Un'innovazione storica per la valuta americana

Fino a questa modifica, le banconote statunitensi riportavano solo le firme del segretario al Tesoro e del Tesoriere.

L'introduzione della firma presidenziale rappresenta una svolta significativa. I primi biglietti da 100 dollari con la doppia firma di Trump e Bessent saranno stampati a giugno 2026, seguiti da altre denominazioni. La circolazione effettiva nelle banche potrebbe richiedere settimane. Questa nuova emissione commemora il 250º anniversario dell'indipendenza americana.
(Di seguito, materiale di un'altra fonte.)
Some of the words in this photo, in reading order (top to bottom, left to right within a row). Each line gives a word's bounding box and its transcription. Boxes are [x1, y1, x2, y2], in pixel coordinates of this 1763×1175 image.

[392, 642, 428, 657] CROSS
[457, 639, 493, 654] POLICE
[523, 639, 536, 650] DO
L'impronta di Trump sui simboli nazionali e le giustificazioni

La presenza del suo nome e immagine su simboli statunitensi è stata un obiettivo prioritario per Donald Trump. Oltre alla banconota, la sua effigie è apparsa su passaporti commemorativi, pass per parchi nazionali, striscioni di agenzie e ministeri a Washington, istituzioni culturali come lo US Institute of Peace e conti di investimento speciali per neonati.
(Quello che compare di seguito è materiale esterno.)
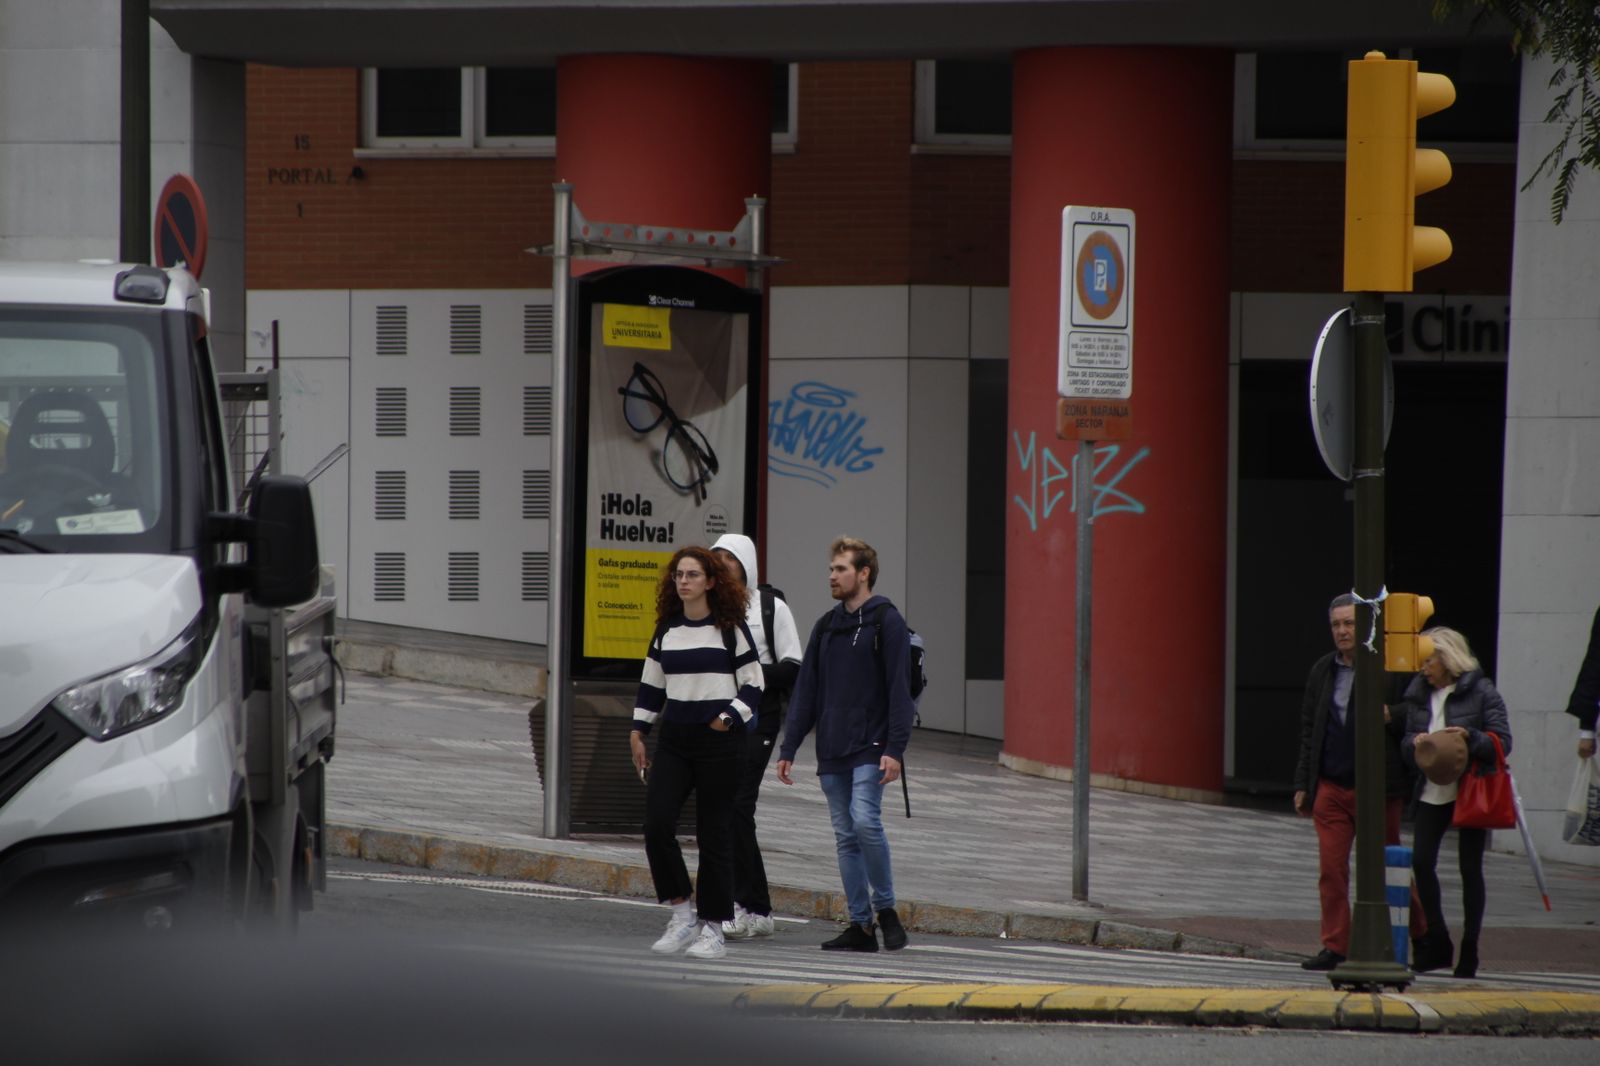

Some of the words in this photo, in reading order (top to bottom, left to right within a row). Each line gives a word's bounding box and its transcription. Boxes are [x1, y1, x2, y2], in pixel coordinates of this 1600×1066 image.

[294, 133, 311, 151] 15
[268, 167, 337, 185] PORTAL
[296, 201, 304, 219] 1
[611, 327, 663, 339] UNIVERSITARIA
[1064, 405, 1088, 417] ZONA
[1091, 406, 1129, 418] NARANJA
[1075, 418, 1104, 429] SECTOR
[601, 492, 652, 516] ¡Hola
[600, 518, 674, 544] Huelva!
[598, 558, 619, 569] Gafas
[620, 559, 658, 570] graduadas
La Florida ha rinominato l'aeroporto internazionale di Palm Beach in suo onore. Il Bureau of Engraving and Printing aveva già preparato prototipi per una banconota da 250 dollari con ritratto e firma di Trump. Questa nuova serie ometterà, per la prima volta dal 1861, la firma del Tesoriere. Scott Bessent, segretario al Tesoro, ha giustificato la misura come riconoscimento all'anniversario e alla "forte crescita economica e stabilità finanziaria" del secondo mandato di Trump.